E o que sustenta sua irredutível liberdade, sua solidão nunca colonizada, subversiva e perigosa. E sua infância com seus sonhos e brincadeiras. E todo o potencial anárquico que todo ser humano carrega consigo.
No entanto, é preciso lembrar que essa antropologia não funciona no Brasil. A colonização católica desses aspectos não racionais, e às vezes irracionais, do sujeito não funcionou e continua a não funcionar no Brasil indígena e negro. Funciona com os descendentes da mais recente colonização europeia, alemã, italiana e polonesa, mas não se aplica a brasileiros-raiz.
É a cordialidade de Sérgio Buarque de Holanda (Raízes do Brasil, 1936) que, com suas luzes e sombras, define os brasileiros como seres humanos que agem com o coração, de forma emocional, sempre priorizando as relações de familiaridade e intimidade, para se defender dos rigores da racionalidade e da lei.
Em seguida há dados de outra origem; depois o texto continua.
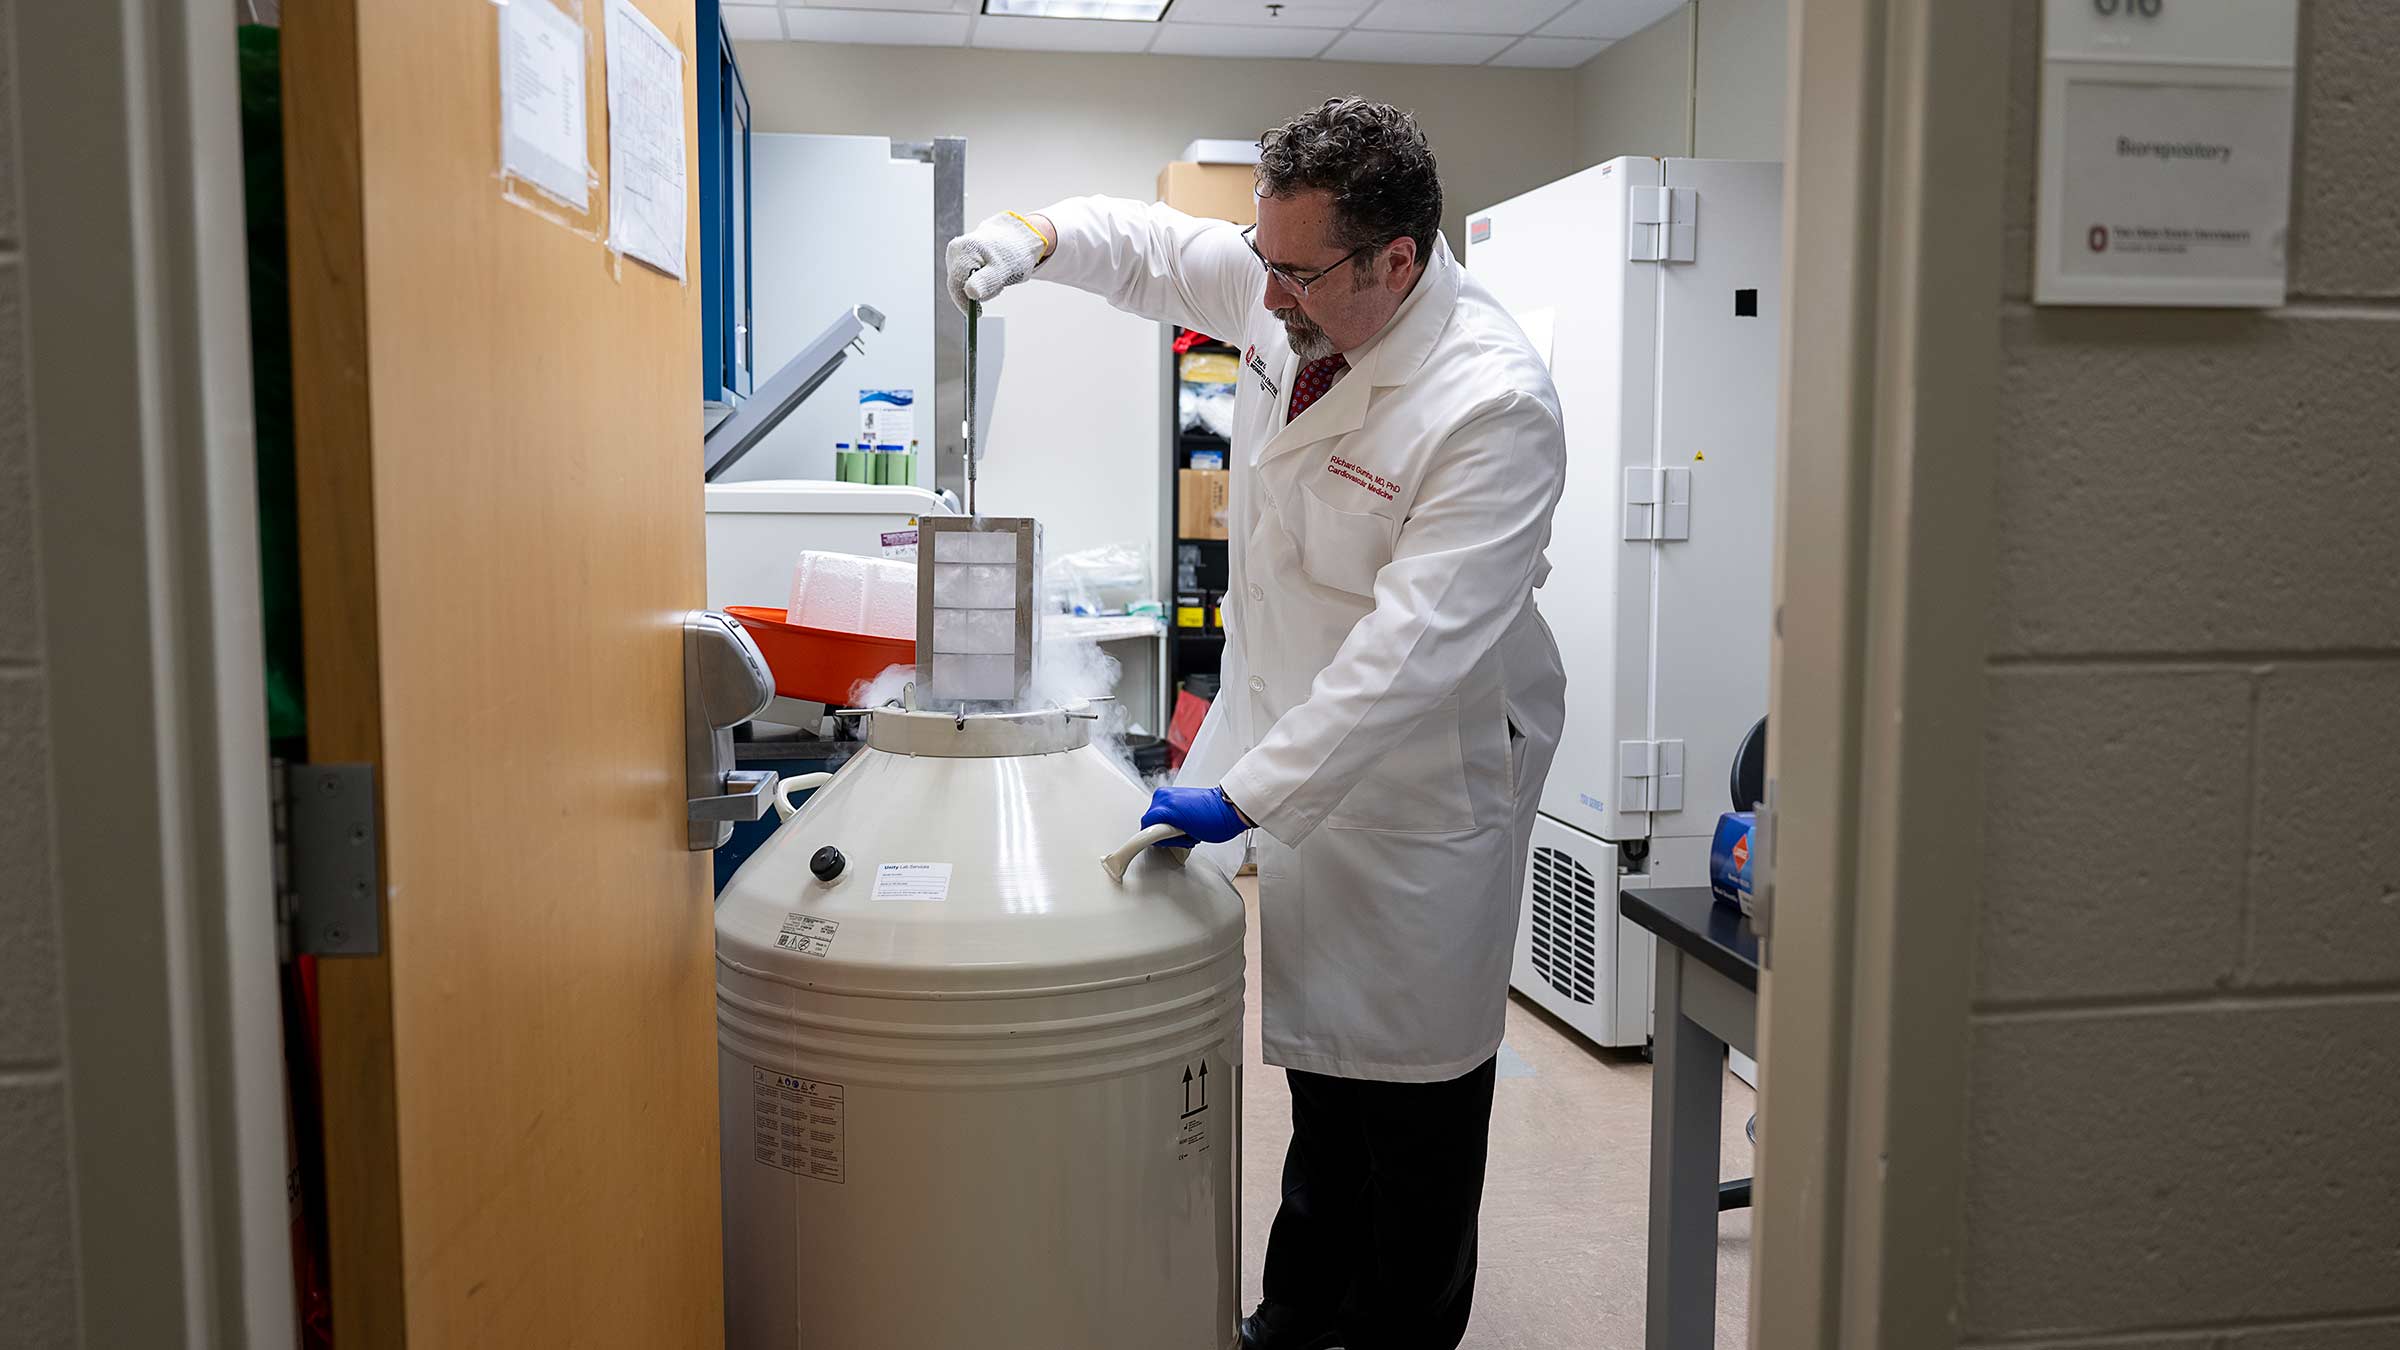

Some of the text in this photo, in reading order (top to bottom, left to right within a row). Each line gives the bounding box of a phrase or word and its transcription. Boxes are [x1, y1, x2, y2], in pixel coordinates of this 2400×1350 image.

[1330, 455, 1356, 471] Richard
[1386, 481, 1401, 493] PhD
[1367, 483, 1394, 501] Medicine
Um mundo emocional que sabe ser acolhedor e carinhoso, mas que também tem a possibilidade de se expressar com ódio e violência sem precedentes.
Para cada situação complicada é preciso encontrar – como se diz no Brasil – um jeito, e somente com o jeitinho se afirma a prioridade do indivíduo em relação às convenções sociais e à opressão do Estado. Porque quando não se consegue encontrar um jeito, a complicação costuma ser resolvida com o assassinato do adversário. Com jeito, até mesmo as regras e os mandamentos da Igreja são contornados.
A própria espiritualidade brasileira é caracterizada pela exuberância festiva, não pelo estilo silencioso e meditativo tipicamente europeu. Os ritos encontram transcendência nas conversas barulhentas durante as celebrações e nos cantos e danças que fortalecem os laços familiares.
Neste mundo a dimensão submersa é a racionalidade.
Na contabilidade de ganhos e perdas, os europeus, por um lado, controlam, escondem, mascaram, negam as emoções, pelo outro, os brasileiros, ao contrário, salvam a corporeidade contra a concepção indo-europeia e grega que assume a superioridade hierárquica do logos – da mente, do espírito e do ser masculino – sobre a natureza, o corpo e sobre a mulher.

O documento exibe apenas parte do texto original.